→ DESCRIPTION OF THE TASK
Please transcribe the data below exactly. Leave the pictures out.

→ RECORDS TO PROCESS
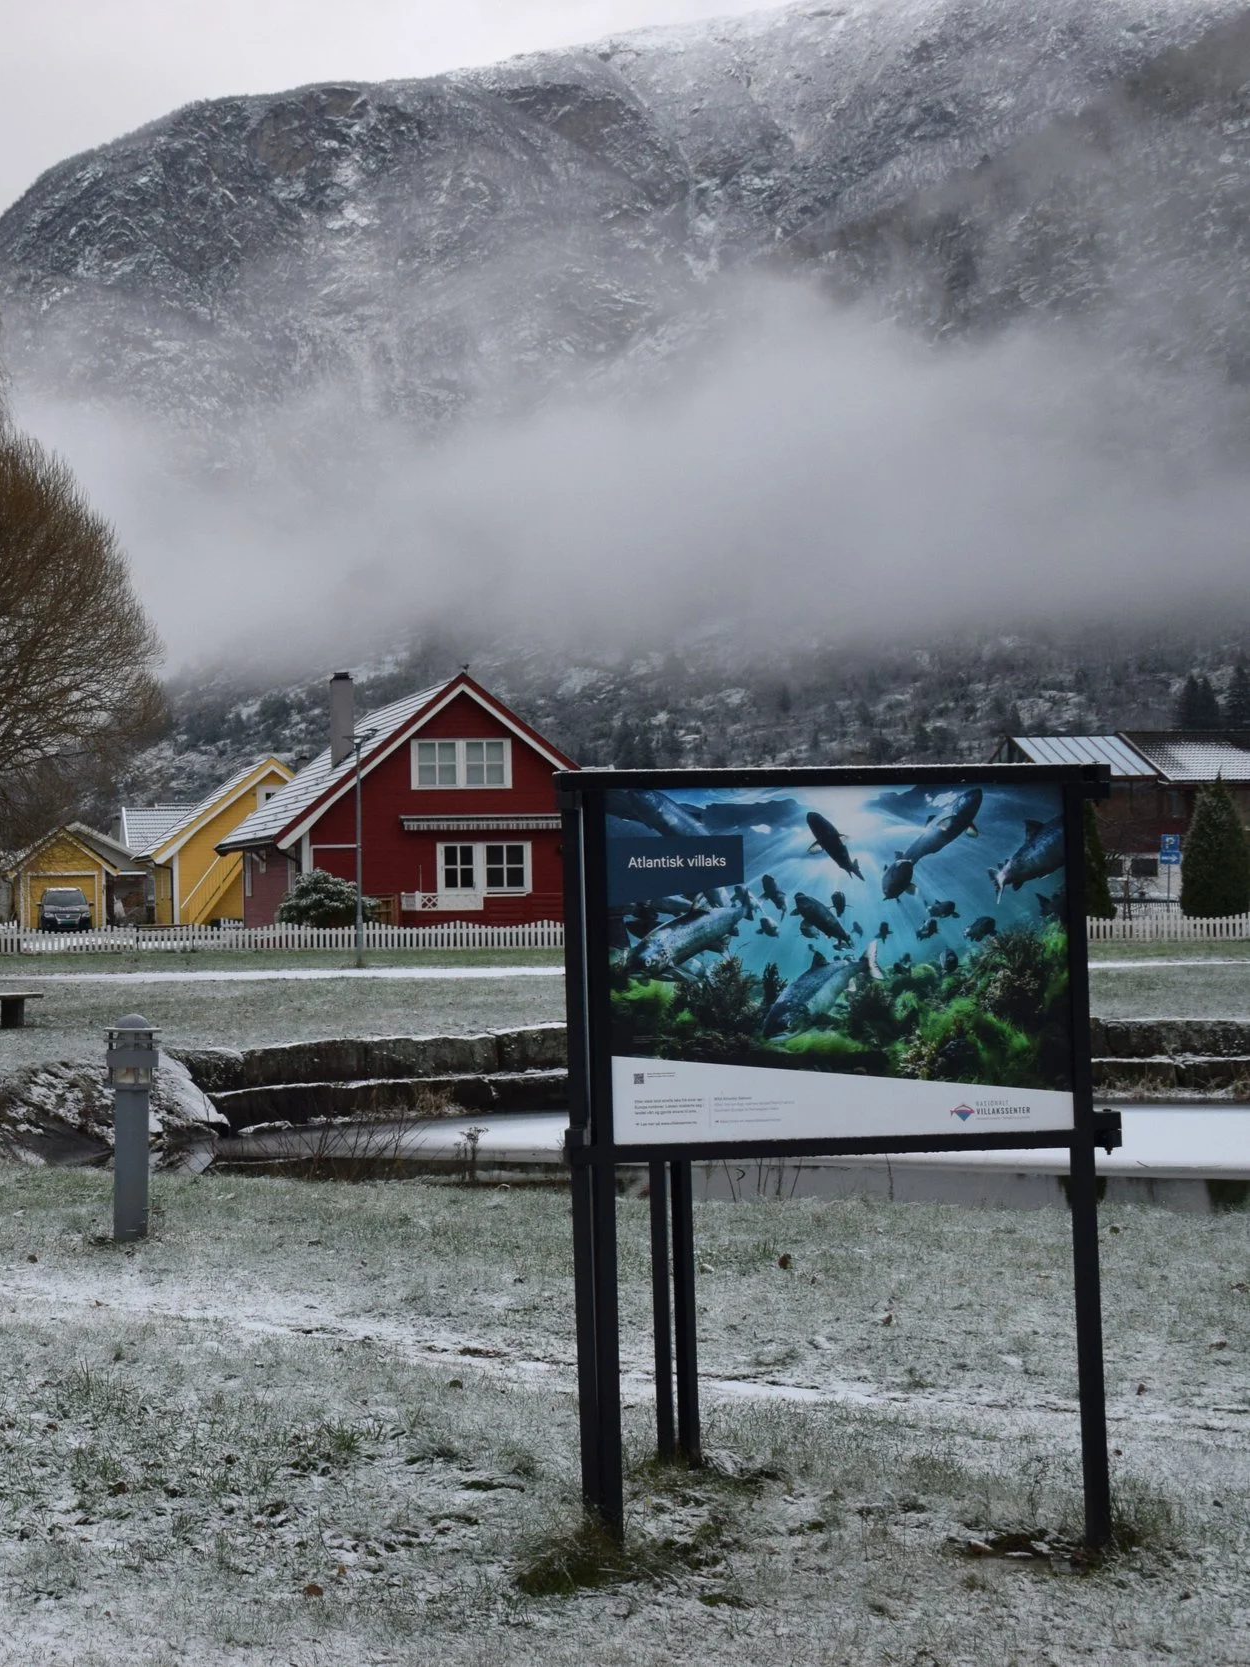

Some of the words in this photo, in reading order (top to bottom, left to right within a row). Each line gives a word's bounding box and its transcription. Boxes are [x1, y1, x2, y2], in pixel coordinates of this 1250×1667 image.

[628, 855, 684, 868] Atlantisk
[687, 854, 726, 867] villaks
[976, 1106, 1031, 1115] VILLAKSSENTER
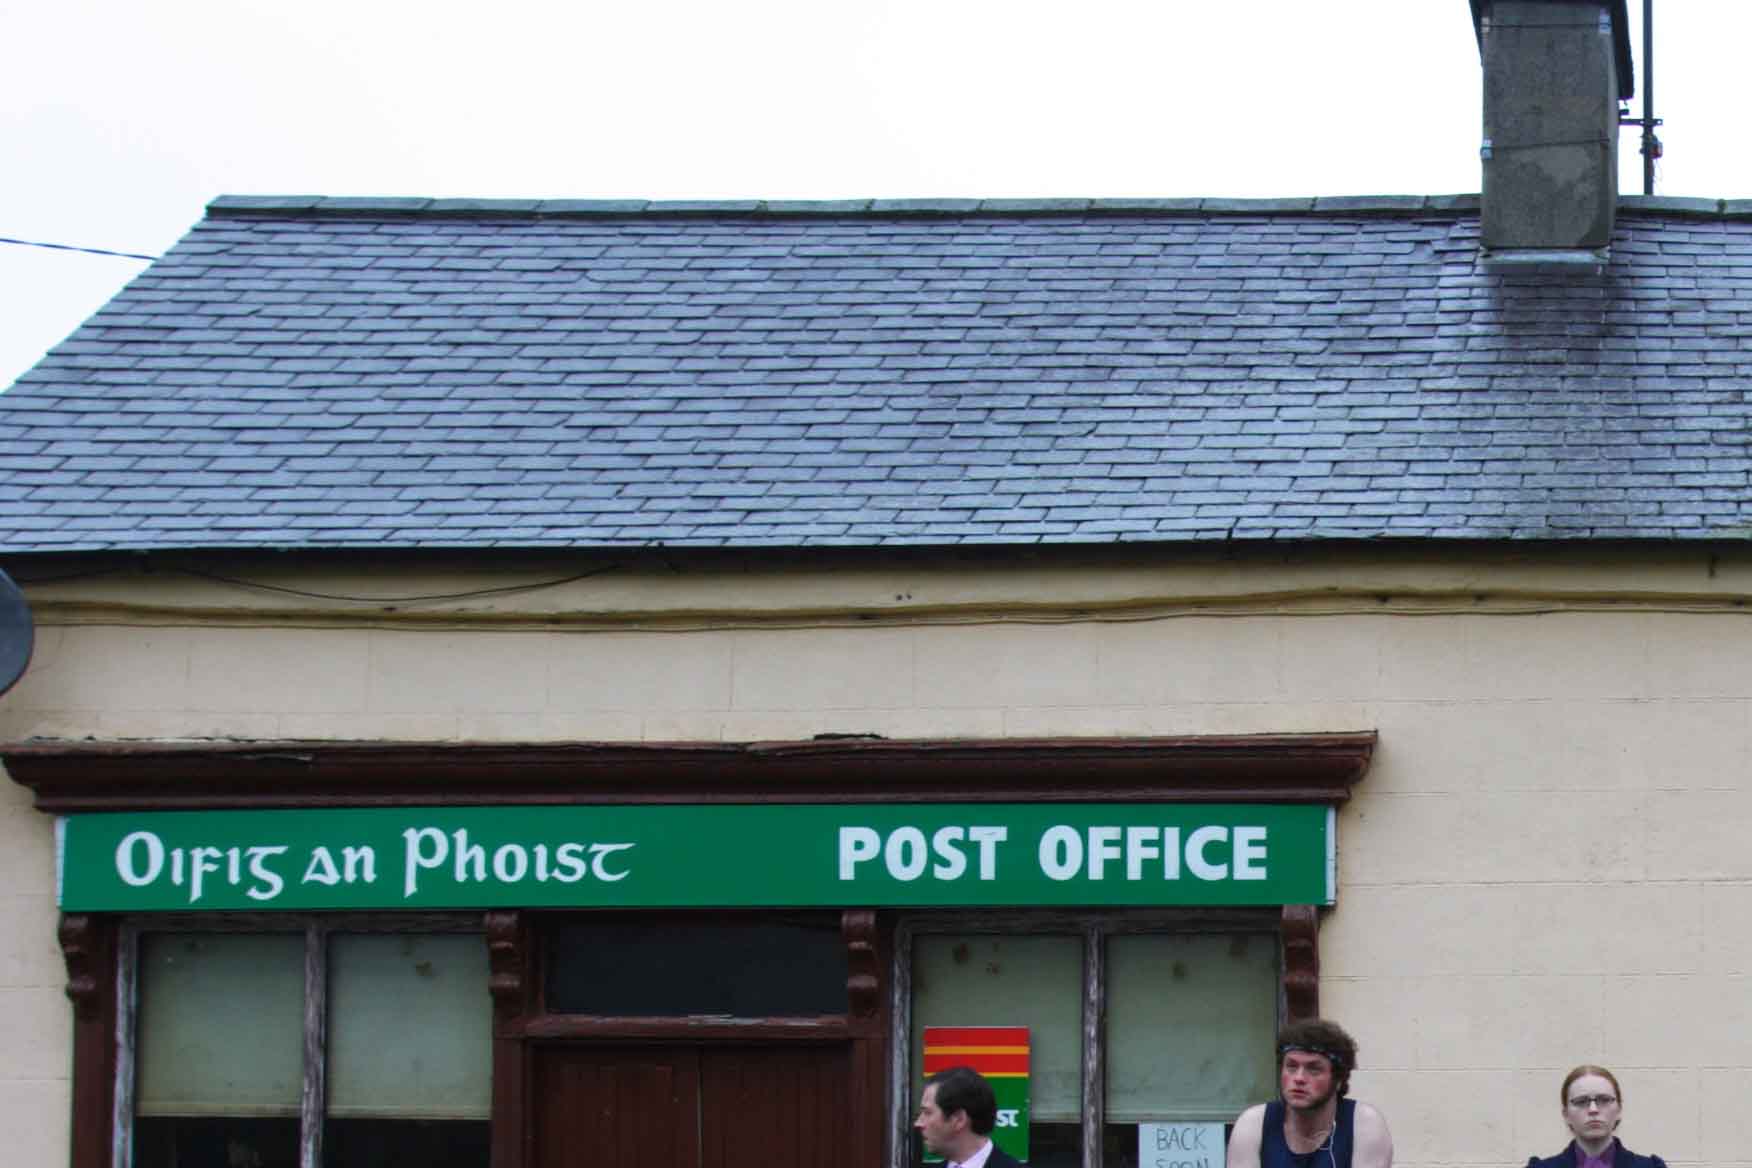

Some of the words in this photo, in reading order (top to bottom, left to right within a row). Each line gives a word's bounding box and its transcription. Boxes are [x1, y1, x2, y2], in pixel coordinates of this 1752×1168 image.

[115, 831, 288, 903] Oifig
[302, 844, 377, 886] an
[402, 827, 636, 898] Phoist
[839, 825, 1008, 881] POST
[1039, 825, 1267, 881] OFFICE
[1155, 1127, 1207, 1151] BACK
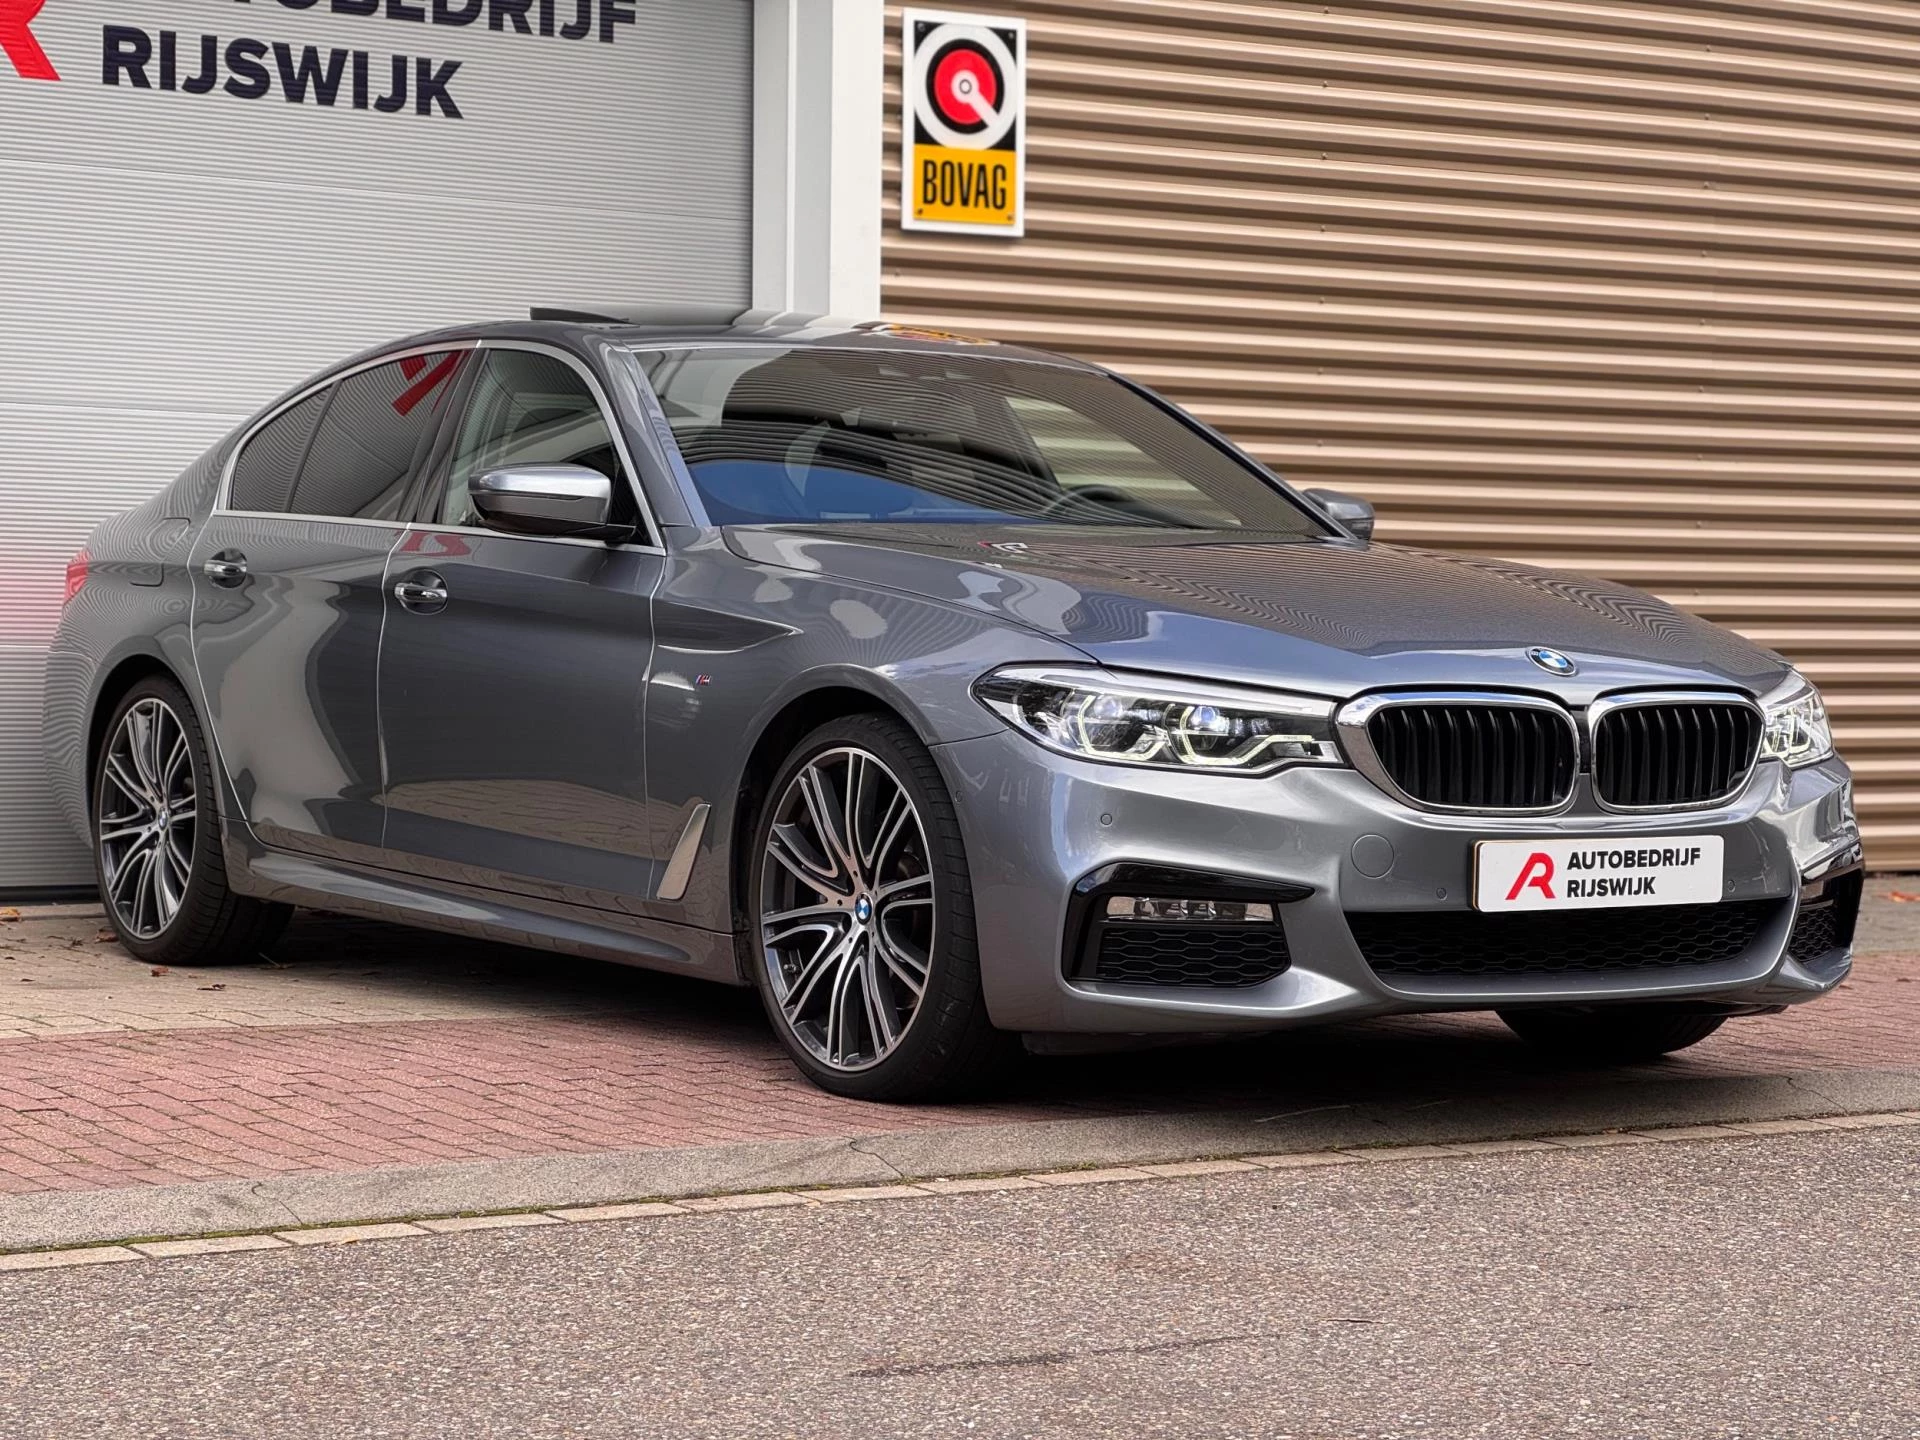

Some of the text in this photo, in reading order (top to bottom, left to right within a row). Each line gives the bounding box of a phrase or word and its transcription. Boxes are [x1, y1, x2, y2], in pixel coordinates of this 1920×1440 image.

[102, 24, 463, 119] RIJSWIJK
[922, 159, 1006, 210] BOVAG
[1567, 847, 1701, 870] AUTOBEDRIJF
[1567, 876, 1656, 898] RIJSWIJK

→ TASK SOLUTION
Some of the words in this photo, in reading order (top to bottom, left to right within a row). Each line gives a word's bounding box and its transcription. Boxes are [x1, y1, x2, y2], in pixel coordinates of this 1250×1667 image.

[628, 855, 684, 868] Atlantisk
[687, 854, 726, 867] villaks
[976, 1106, 1031, 1115] VILLAKSSENTER

Some of the words in this photo, in reading order (top to bottom, left to right within a row). Each line gives a word's bounding box and its transcription. Boxes are [x1, y1, x2, y2], in pixel coordinates of this 1752×1168 image.

[115, 831, 288, 903] Oifig
[302, 844, 377, 886] an
[402, 827, 636, 898] Phoist
[839, 825, 1008, 881] POST
[1039, 825, 1267, 881] OFFICE
[1155, 1127, 1207, 1151] BACK

Some of the text in this photo, in reading order (top to bottom, left to right within a row). Each line gives the bounding box of a phrase or word and its transcription. Boxes are [x1, y1, x2, y2], in pixel coordinates of this 1920×1440 image.

[102, 24, 463, 119] RIJSWIJK
[922, 159, 1006, 210] BOVAG
[1567, 847, 1701, 870] AUTOBEDRIJF
[1567, 876, 1656, 898] RIJSWIJK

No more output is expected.